QI is an ongoing activity, including regular periodic review. The process described above will help each service document its care, provide constructive feedback, identify deficiencies and improve performance through appropriate inservice programs. From a medical-legal perspective, such a program will reduce risk by reinforcing the delivery of appropriate care. More importantly, from the patient perspective, your efforts will contribute to the overall goal of EMS: reducing death and disability.
In addition to regular review of the service list of indicators, periodic review of such things as all patients with chest pain, all pedestrian injuries or diabetic problems might be selected for a focused study (see form #4 for a tool). Follow the steps listed below for the review process, use approved review forms and proceed from there.

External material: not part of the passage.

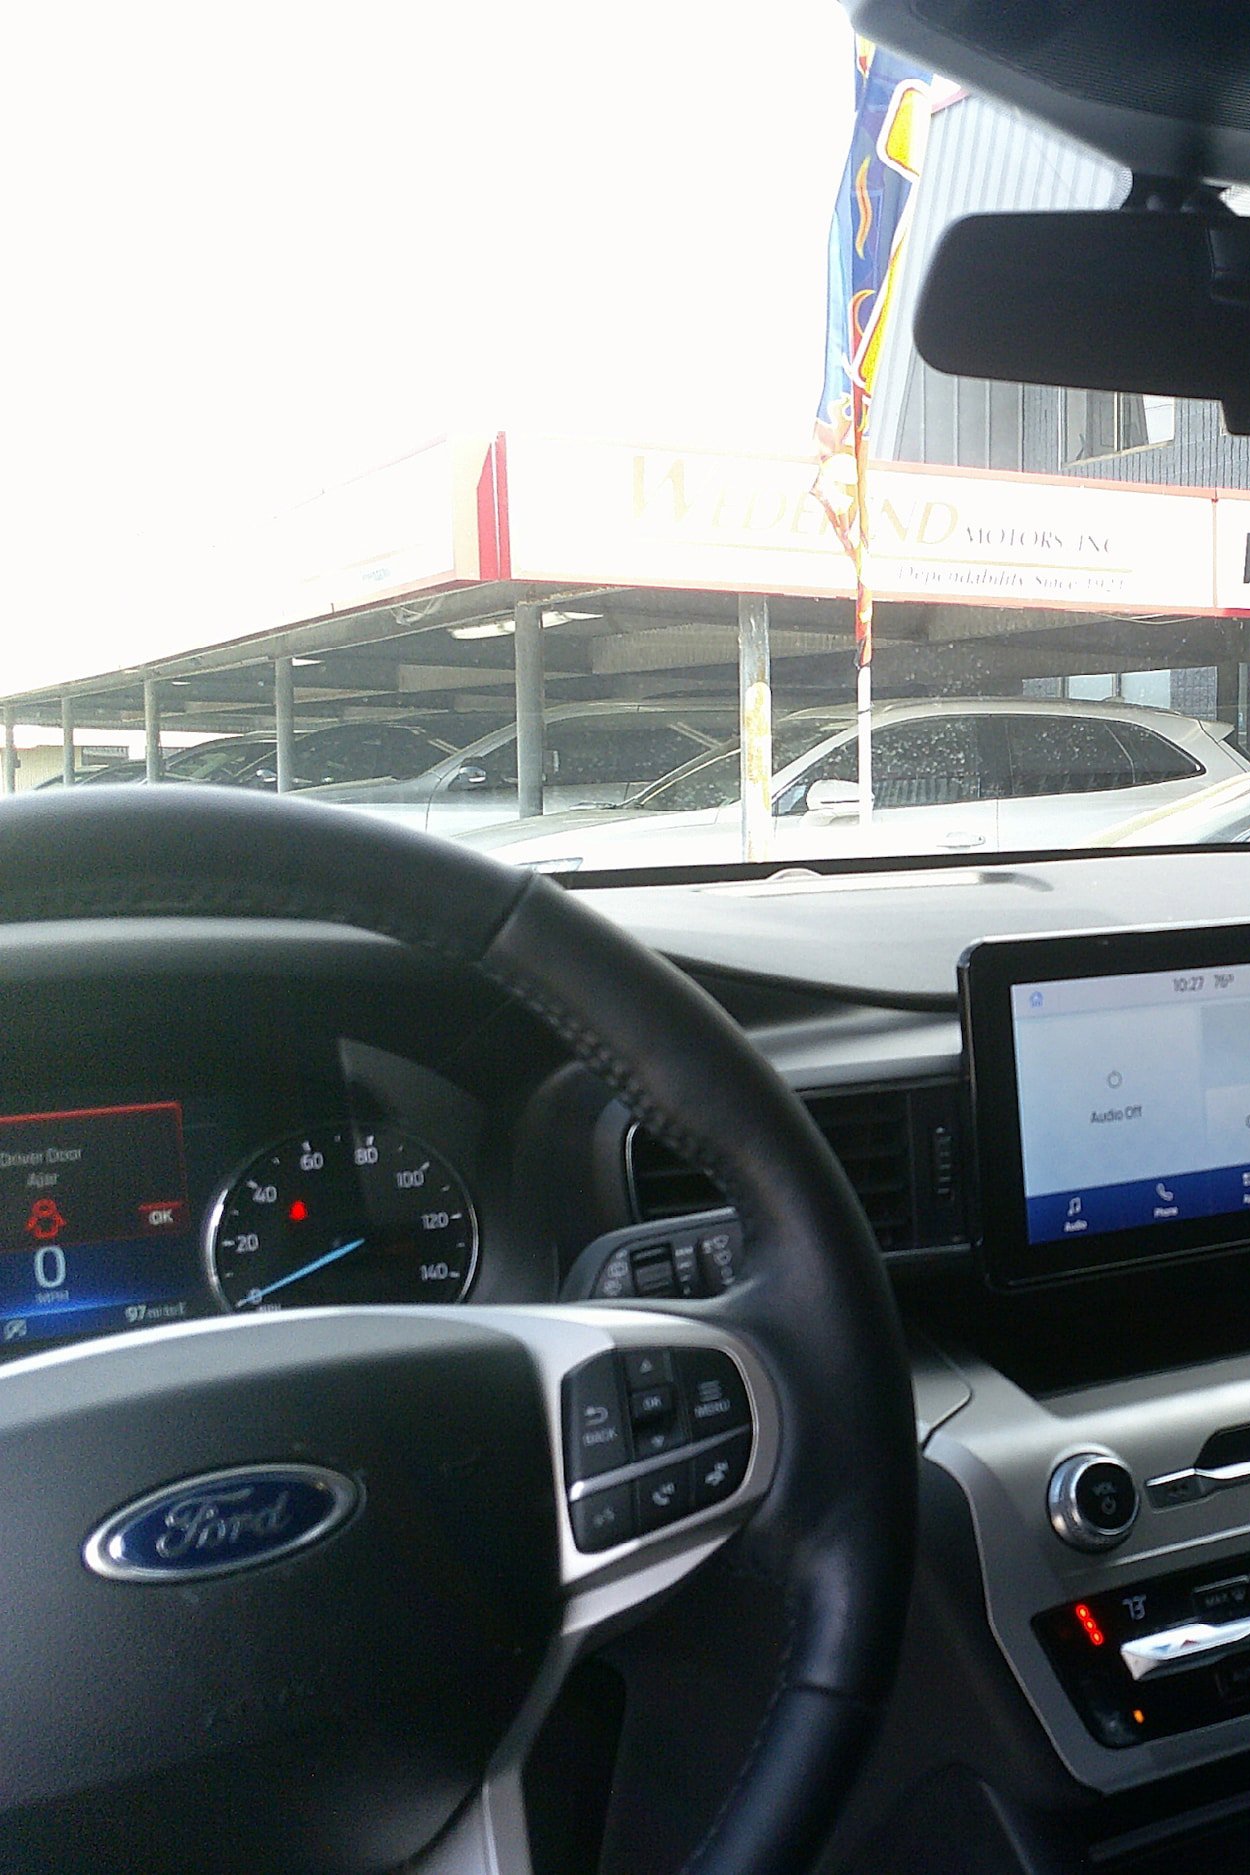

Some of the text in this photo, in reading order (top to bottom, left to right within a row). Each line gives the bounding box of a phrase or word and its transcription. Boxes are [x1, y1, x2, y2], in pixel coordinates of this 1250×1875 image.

The basic steps for review are:
- Selecting a subject for study, which includes an operational definition of the condition or procedure under study and a definition of patients to be included.
- Developing criteria and standards, defining acceptable levels of quality.
- Collecting data.
- Comparing data to criteria and standards in order to identify areas of excellence and deficiencies.
- Determining causes of deficiencies and taking corrective action, including:
- determining who or what is expected to change
- determining who is responsible for implementing action
- determining what action is appropriate, and
- determining when it is expected to occur.
- F. Evaluating the study.
Focused studies are done as a need arises, not on a regular basis. For example, perhaps there is a concern over cardiac patients not being given O2 as per protocol You might pull all PCRs on cardiac patients for a 3 month period. Look to see if O2 was administered in all cases. If not, what percentage did not receive O2. If your acceptable level of practice as determined beforehand is 100% and compliance in your study is only 80%, then you must inservice your personnel, send out a memo, post notices, contact service medical director, etc. Then, after a preestablished period of time, you must complete a similar review to see if compliance has improved. Quality Improvement is a way of looking at improving care, not finding problems for punitive action. Proposals for any focused study should be approved by the Area and Regional QI Committees to identify opportunities for Region-wide focused studies and to avoid duplication.